I am surprised that scheduling golf threesomes has not been raised here before. Anyway, the answer to your question is yes. With four rounds of threesomes it's possible to arrange that everyone plays everyone else exactly once.

(G F A)  (B D C)  (E H I)
(F C H)  (I G D)  (A E B)
(B I F)  (D A H)  (E C G)
(F D E)  (H B G)  (C I A)


The example above is the first in a whole series of threesome schedules.  If the number of players is three more than an a multiple of 6 then the all-plays-all-exactly-once property is always possible.  The next example is 15 players, which is famously known in mathematics as Kirkman's Schoolgirl problem (search the internet for more info on this, and you will find out how the schedule below can be constructed).

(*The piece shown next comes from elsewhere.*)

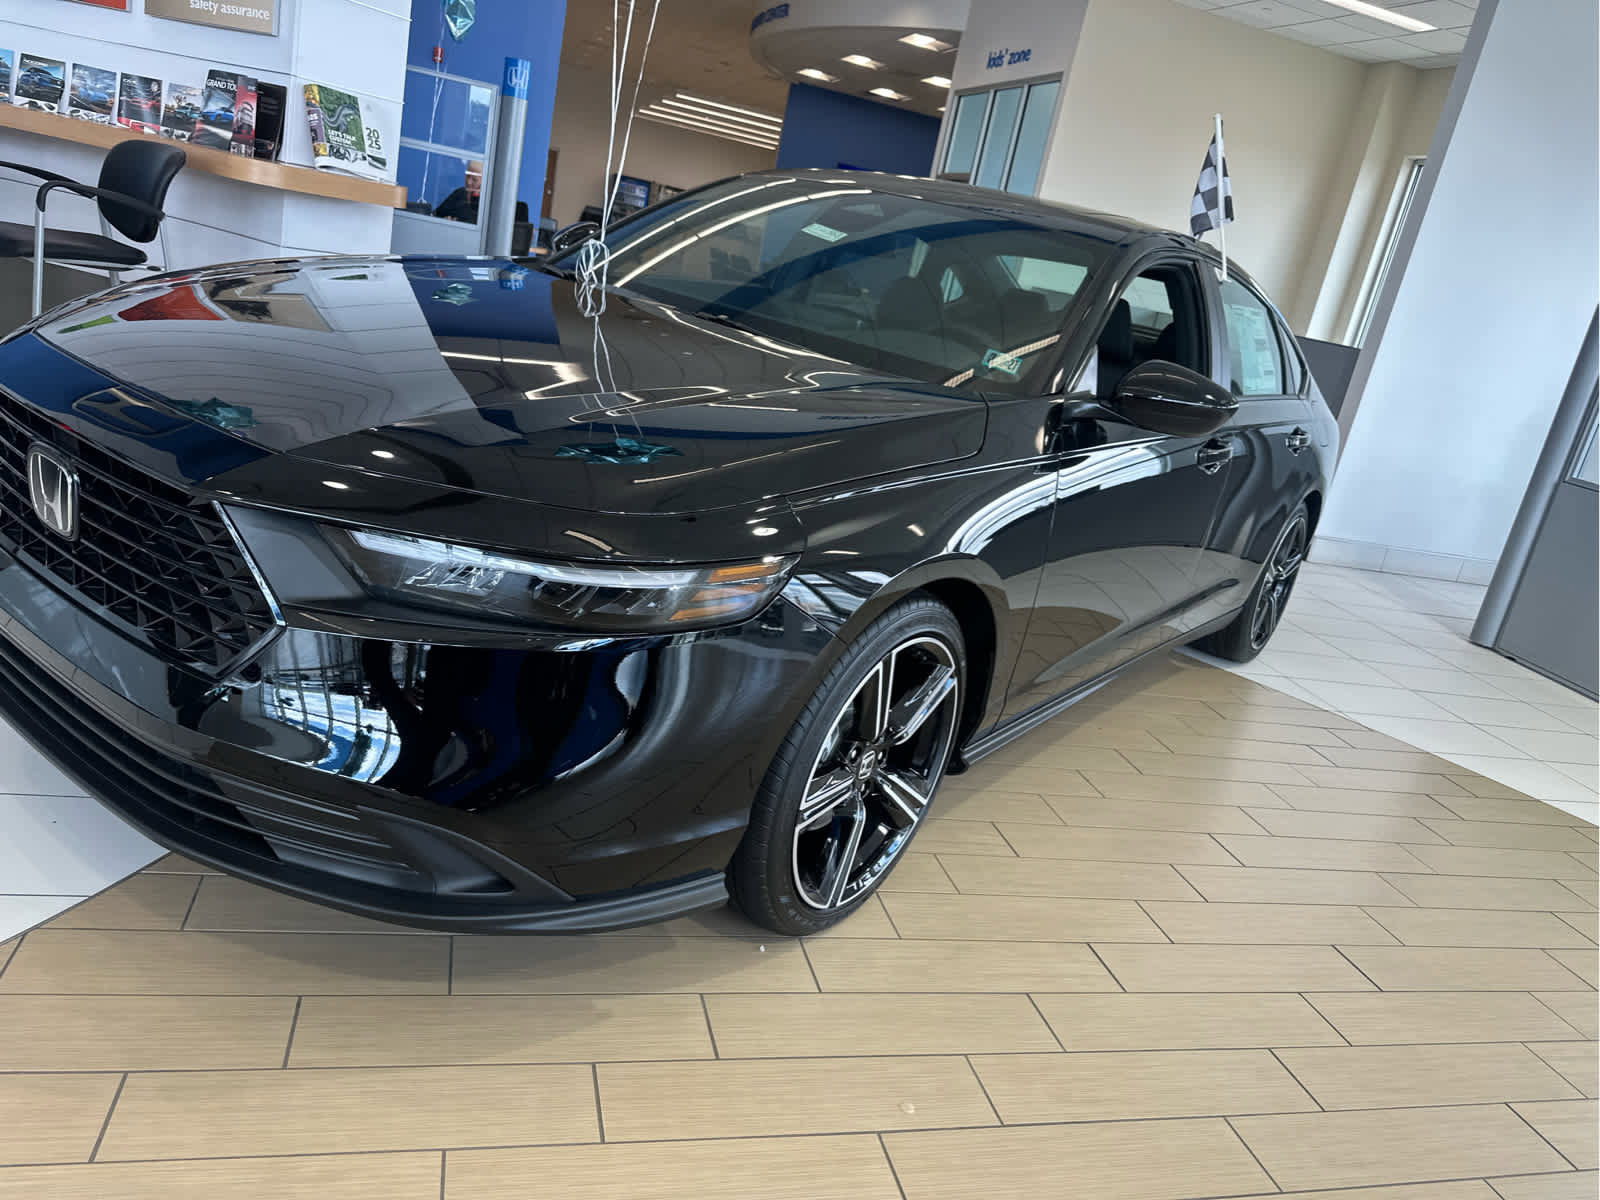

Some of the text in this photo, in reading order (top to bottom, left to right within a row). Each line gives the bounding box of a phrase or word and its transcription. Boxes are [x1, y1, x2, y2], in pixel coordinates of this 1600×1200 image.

(K O H)  (L N J)  (E A G)  (F I C)  (D M B)
(B H N)  (A K I)  (F L D)  (O G C)  (M J E)
(M K L)  (O D J)  (G N I)  (E F H)  (B C A)
(C M N)  (H J G)  (L O A)  (I D E)  (K B F)
(L B G)  (N E K)  (O I M)  (H C D)  (J A F)
(I L H)  (A D N)  (C J K)  (G F M)  (B E O)
(M H A)  (E C L)  (J I B)  (D G K)  (N F O)



Below is the third in the series for 21 players.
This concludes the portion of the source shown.